## TASK OBJECTIVE
Each line from the line that includes "this 973×973 image." through the end of the material below must be transcribed exactly, with no other lines.

## MATERIAL PROVIDED
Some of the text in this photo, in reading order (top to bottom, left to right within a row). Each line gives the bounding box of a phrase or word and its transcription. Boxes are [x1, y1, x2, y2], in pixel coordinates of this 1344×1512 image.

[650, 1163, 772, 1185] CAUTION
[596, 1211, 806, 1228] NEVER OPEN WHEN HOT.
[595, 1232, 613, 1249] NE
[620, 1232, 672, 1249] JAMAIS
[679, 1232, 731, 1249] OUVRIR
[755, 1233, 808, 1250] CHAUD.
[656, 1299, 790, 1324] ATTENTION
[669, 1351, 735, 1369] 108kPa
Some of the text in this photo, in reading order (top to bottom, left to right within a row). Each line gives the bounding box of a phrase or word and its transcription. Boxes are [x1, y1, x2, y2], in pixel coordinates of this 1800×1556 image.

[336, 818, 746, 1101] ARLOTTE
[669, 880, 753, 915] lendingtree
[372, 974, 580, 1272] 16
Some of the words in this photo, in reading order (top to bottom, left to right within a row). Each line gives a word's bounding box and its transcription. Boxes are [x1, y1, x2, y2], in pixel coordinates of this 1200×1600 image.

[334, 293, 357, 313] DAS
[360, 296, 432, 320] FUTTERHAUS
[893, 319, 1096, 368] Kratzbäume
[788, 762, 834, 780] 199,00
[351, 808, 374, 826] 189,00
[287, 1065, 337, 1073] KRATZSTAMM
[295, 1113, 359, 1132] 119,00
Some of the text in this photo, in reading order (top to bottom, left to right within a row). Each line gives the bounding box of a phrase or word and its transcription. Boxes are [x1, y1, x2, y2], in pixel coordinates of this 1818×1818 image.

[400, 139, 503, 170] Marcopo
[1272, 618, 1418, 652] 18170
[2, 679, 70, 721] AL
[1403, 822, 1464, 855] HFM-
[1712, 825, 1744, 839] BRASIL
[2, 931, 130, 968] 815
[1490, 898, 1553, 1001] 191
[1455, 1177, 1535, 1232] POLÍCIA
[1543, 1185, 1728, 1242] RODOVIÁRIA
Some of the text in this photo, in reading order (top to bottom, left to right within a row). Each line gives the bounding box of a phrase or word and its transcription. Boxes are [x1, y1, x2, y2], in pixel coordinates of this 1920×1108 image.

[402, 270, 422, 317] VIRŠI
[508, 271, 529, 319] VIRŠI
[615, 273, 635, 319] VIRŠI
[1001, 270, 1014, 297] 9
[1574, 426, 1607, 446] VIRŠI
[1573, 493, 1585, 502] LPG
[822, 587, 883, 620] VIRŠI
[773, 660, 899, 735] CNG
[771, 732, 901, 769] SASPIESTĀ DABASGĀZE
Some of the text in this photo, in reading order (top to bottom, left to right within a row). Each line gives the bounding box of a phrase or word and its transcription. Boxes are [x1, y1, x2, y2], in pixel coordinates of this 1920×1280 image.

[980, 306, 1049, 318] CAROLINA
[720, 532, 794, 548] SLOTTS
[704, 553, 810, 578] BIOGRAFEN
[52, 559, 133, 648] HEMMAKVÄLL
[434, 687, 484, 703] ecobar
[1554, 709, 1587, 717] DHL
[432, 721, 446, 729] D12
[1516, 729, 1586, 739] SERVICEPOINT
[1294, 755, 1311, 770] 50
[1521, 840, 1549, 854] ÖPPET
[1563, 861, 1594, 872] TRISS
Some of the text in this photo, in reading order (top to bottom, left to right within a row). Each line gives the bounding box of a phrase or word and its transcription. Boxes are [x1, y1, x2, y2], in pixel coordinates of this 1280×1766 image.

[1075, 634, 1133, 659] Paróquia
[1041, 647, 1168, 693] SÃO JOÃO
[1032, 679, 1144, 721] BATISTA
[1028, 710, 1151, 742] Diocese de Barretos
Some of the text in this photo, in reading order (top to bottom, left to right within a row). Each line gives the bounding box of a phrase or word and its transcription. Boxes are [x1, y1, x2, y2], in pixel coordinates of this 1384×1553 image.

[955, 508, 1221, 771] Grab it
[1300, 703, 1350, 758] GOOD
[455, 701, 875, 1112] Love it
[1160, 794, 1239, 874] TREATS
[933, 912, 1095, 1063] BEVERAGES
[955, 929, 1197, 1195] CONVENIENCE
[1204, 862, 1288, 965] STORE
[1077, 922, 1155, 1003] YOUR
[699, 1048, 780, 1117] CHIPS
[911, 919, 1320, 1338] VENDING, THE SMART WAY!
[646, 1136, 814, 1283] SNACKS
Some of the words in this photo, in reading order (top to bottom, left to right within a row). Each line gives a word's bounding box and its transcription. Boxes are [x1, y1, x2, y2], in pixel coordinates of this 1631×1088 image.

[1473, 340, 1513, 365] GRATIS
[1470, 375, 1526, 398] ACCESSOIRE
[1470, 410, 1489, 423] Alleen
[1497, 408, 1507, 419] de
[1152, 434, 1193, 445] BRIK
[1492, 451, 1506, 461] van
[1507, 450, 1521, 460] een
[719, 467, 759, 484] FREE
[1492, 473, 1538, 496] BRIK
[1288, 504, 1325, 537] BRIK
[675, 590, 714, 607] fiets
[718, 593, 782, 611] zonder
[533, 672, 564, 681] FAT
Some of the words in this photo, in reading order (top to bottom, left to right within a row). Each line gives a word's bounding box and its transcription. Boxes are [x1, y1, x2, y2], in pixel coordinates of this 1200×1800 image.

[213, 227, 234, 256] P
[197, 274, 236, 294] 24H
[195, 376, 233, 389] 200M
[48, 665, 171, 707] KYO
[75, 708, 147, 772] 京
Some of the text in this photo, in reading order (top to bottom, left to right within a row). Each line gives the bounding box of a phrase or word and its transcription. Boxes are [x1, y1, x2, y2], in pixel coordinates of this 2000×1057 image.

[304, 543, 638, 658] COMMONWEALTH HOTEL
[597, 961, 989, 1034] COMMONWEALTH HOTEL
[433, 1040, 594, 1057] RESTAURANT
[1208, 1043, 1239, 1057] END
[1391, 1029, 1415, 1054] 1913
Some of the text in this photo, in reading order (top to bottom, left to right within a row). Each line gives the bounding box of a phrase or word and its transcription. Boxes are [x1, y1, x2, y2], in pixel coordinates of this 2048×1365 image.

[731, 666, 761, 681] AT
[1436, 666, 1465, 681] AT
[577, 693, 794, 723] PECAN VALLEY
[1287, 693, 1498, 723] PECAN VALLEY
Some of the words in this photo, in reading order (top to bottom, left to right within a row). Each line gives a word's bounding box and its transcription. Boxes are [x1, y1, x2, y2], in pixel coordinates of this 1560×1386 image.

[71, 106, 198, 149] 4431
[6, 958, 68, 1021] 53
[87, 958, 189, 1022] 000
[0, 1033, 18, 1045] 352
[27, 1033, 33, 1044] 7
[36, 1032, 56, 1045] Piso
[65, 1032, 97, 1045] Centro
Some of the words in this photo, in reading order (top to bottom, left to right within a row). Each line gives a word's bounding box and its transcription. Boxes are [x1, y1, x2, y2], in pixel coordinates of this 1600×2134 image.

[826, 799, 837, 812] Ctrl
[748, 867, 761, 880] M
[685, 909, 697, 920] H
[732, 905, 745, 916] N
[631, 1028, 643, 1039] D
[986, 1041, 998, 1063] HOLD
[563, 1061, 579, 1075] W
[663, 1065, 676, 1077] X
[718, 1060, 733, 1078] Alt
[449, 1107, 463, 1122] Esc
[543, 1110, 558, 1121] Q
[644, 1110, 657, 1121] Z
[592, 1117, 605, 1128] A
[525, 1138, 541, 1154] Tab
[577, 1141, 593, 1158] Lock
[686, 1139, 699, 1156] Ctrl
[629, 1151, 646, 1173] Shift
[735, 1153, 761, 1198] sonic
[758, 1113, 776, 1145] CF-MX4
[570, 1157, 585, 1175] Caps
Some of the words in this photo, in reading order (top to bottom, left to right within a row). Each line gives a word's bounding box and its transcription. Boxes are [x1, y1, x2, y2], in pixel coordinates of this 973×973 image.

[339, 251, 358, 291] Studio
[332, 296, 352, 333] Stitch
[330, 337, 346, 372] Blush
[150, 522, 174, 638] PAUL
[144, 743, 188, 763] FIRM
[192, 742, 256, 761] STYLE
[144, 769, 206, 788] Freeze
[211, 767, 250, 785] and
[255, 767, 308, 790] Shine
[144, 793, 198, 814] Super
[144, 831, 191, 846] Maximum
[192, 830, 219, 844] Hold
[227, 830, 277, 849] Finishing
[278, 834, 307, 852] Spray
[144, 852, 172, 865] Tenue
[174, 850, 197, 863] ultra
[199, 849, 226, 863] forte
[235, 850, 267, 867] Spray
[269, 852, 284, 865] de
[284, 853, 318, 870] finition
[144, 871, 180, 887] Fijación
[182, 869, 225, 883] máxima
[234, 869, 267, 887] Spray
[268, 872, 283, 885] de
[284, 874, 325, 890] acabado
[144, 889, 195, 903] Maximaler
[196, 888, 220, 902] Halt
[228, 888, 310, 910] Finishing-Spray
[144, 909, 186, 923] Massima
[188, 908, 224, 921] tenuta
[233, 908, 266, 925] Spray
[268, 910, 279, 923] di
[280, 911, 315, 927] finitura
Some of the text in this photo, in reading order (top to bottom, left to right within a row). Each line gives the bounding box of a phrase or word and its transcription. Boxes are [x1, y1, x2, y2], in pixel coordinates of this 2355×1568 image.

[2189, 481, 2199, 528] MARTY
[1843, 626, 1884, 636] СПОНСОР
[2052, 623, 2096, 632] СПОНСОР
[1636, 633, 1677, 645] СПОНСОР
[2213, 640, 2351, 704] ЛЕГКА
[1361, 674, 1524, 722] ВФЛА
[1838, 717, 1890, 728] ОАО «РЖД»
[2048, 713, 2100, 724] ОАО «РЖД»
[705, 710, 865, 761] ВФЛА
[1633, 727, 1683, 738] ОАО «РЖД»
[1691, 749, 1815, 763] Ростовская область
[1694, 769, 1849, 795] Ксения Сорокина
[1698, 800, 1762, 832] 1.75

## SOLUTION FOR THIS TASK
Some of the words in this photo, in reading order (top to bottom, left to right within a row). Each line gives a word's bounding box and its transcription. Boxes are [x1, y1, x2, y2], in pixel coordinates of this 973×973 image.

[339, 251, 358, 291] Studio
[332, 296, 352, 333] Stitch
[330, 337, 346, 372] Blush
[150, 522, 174, 638] PAUL
[144, 743, 188, 763] FIRM
[192, 742, 256, 761] STYLE
[144, 769, 206, 788] Freeze
[211, 767, 250, 785] and
[255, 767, 308, 790] Shine
[144, 793, 198, 814] Super
[144, 831, 191, 846] Maximum
[192, 830, 219, 844] Hold
[227, 830, 277, 849] Finishing
[278, 834, 307, 852] Spray
[144, 852, 172, 865] Tenue
[174, 850, 197, 863] ultra
[199, 849, 226, 863] forte
[235, 850, 267, 867] Spray
[269, 852, 284, 865] de
[284, 853, 318, 870] finition
[144, 871, 180, 887] Fijación
[182, 869, 225, 883] máxima
[234, 869, 267, 887] Spray
[268, 872, 283, 885] de
[284, 874, 325, 890] acabado
[144, 889, 195, 903] Maximaler
[196, 888, 220, 902] Halt
[228, 888, 310, 910] Finishing-Spray
[144, 909, 186, 923] Massima
[188, 908, 224, 921] tenuta
[233, 908, 266, 925] Spray
[268, 910, 279, 923] di
[280, 911, 315, 927] finitura
Some of the text in this photo, in reading order (top to bottom, left to right within a row). Each line gives the bounding box of a phrase or word and its transcription. Boxes are [x1, y1, x2, y2], in pixel coordinates of this 2355×1568 image.

[2189, 481, 2199, 528] MARTY
[1843, 626, 1884, 636] СПОНСОР
[2052, 623, 2096, 632] СПОНСОР
[1636, 633, 1677, 645] СПОНСОР
[2213, 640, 2351, 704] ЛЕГКА
[1361, 674, 1524, 722] ВФЛА
[1838, 717, 1890, 728] ОАО «РЖД»
[2048, 713, 2100, 724] ОАО «РЖД»
[705, 710, 865, 761] ВФЛА
[1633, 727, 1683, 738] ОАО «РЖД»
[1691, 749, 1815, 763] Ростовская область
[1694, 769, 1849, 795] Ксения Сорокина
[1698, 800, 1762, 832] 1.75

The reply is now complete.